Okay, if you're using a custom similarity, I'm not sure what's going on, I'm not familiar with that.

But ordinarily, you are right, you would require k1 with "+k1".

What you say about the "+" being lost suggests something is going wrong. Either you are not sending your query to Solr properly escaped, or there's a bug in your custom similarity or query parser, or (not too likely) there's a bug in Solr.

My experience is using the standard query parser, standard similarity class, and contacting Solr via HTTP. (are you using SolrJ or HTTP?). In that case, when you send the "q" to Solr, you are responsible for URI-encoding it when you send it. So if you want to send a query like "k2 k3 +k1", you need to URI-escape it first, and this is what you'd send:

q=k2+k3+%2Bk1

or, escaping spaces as %20 instead, which is actually more 'correct' with current standards:

q=k2%20k3%20%2Bk1

The important thing is that "+" escapes as "%2B". You need to escape it before sending it to Solr via an HTTP URI query string or HTTP form post data. Yes, if you send a raw "+", Solr will understand that as representing a space, not an actual "+". This is because the "+" character is not 'safe', it needs to be escaped.

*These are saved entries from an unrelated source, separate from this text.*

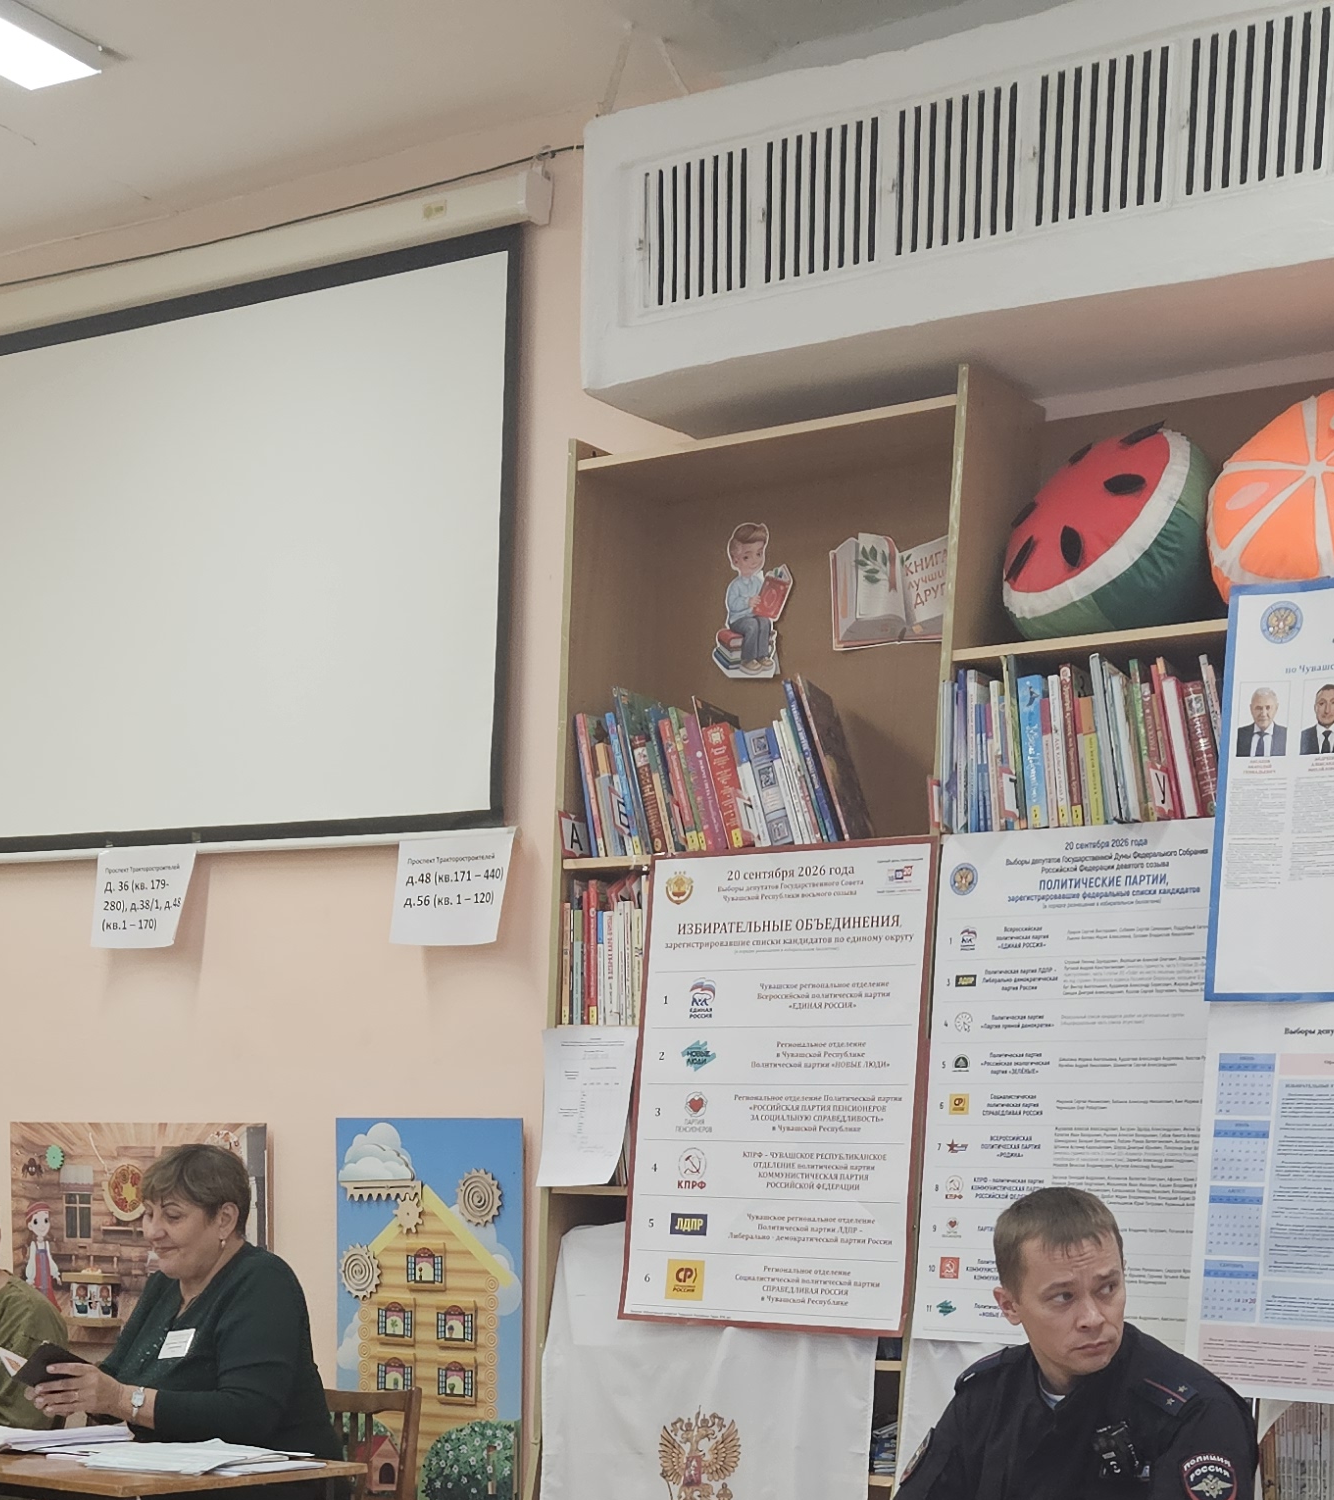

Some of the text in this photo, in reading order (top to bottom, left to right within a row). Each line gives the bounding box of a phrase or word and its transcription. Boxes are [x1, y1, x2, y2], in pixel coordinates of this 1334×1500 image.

[908, 570, 946, 592] лучши
[914, 582, 946, 609] ДРУГ
[1285, 666, 1297, 674] по
[570, 823, 583, 851] А
[1064, 837, 1148, 850] 20 сентября 2026 года
[407, 853, 495, 866] Проспект Тракторостроителей
[130, 863, 180, 873] Тракторостроителей
[726, 864, 855, 881] 20 сентября 2026 года
[406, 872, 431, 886] д.48
[434, 870, 472, 886] (кв.171
[483, 867, 504, 881] 440)
[1038, 872, 1169, 891] ПОЛИТИЧЕСКИЕ ПАРТИИ,
[104, 879, 169, 894] Д. 36 (кв. 179-
[103, 900, 128, 913] 280),
[129, 898, 162, 913] д.38/1,
[403, 895, 430, 908] д.56
[433, 894, 453, 908] (кв.
[456, 894, 462, 905] 1
[473, 890, 494, 905] 120)
[101, 919, 127, 932] (кв.1
[138, 918, 157, 931] 170)
[678, 914, 902, 935] ИЗБИРАТЕЛЬНЫЕ ОБЪЕДИНЕНИЯ,
[664, 939, 751, 950] зарегистрировавшие
[752, 937, 782, 945] списки
[782, 936, 833, 946] кандидатов
[846, 934, 884, 944] единому
[884, 933, 914, 943] округу
[677, 1180, 707, 1191] КПРФ
[675, 1217, 704, 1232] ЛДПР
[1184, 1455, 1231, 1471] ПОЛИЦИЯ
[1189, 1465, 1230, 1482] РОССИЯ

The programming language of your choice probably already has a library function for URI-escaping values.

On 6/7/2011 11:36 AM, Gabriele Kahlout wrote:
You are right, Lucene will return based on my scoring function
implementation (Similarity
class<http://lucene.apache.org/java/3_0_2/api/all/org/apache/lucene/search/Similarity.html>
):

score(q,d)   =
coord(q,d)<http://lucene.apache.org/java/3_0_2/api/all/org/apache/lucene/search/Similarity.html#formula_coord>
·
queryNorm(q)<http://lucene.apache.org/java/3_0_2/api/all/org/apache/lucene/search/Similarity.html#formula_queryNorm>
·
∑  ( tf(t in 
d)<http://lucene.apache.org/java/3_0_2/api/all/org/apache/lucene/search/Similarity.html#formula_tf>
·
idf(t)<http://lucene.apache.org/java/3_0_2/api/all/org/apache/lucene/search/Similarity.html#formula_idf>
2  ·  
t.getBoost()<http://lucene.apache.org/java/3_0_2/api/all/org/apache/lucene/search/Similarity.html#formula_termBoost>
·
norm(t,d)<http://lucene.apache.org/java/3_0_2/api/all/org/apache/lucene/search/Similarity.html#formula_norm>
)
It can be seen that whenever tf(t in d) =0 the whole score will be 0, so as
you say C will never be returned.

My issue is when the query has multiple terms (my example was too simple!),
and some are 'mandatory' while others not. In that case I should make a
query that uses the
+<%20http://lucene.apache.org/java/2_9_1/queryparsersyntax.html#+>(eg.
q=+k1).
I'm unsure I'll get the syntax right, but let's say k1 is mandatory and and
k2 and k3 are optional, then q=k2 k3 +k1. I see that queries made through
solrj are received with + in place of the " " (default to OR), so
q=k2+k3++k1.



On Tue, Jun 7, 2011 at 5:23 PM, Jonathan Rochkind<rochk...@jhu.edu>  wrote:

Um, normally that would never happen, because, well, like you say, the
inverted index doesn't have docC for term K1, because doc C didn't include
term K1.

If you search on q=K1, then how/why would docC ever be in your result set?
  Are you seeing it in your result set? The question then would be _why_,
what weird thing is going on to make that happen,  that's not expected.

The result set _starts_ from only the documents that actually include the
term.  Boosting/relevancy ranking only effects what order these documents
appear in, but there's no reason documentC should be in the result set at
all in your case of q=k1, where docC is not indexed under k1.


On 6/7/2011 2:35 AM, Gabriele Kahlout wrote:

Sorry being unclear and thank you for answering.
Consider the following documents A(k0,k1,k2), B(k1,k2,k3), and
C(k0,k2,k3),
where A,B,C are document identifiers and the ks in bracket with each are
the
terms each contains.
So Solr inverted index should be something like:

k0 -->   A | C
k1 -->   A | B
k2 -->   A | B | C
k3 -->   B | C

Now let q=k1, how do I make sure C doesn't appear as a result since it
doesn't contain any occurence of k1?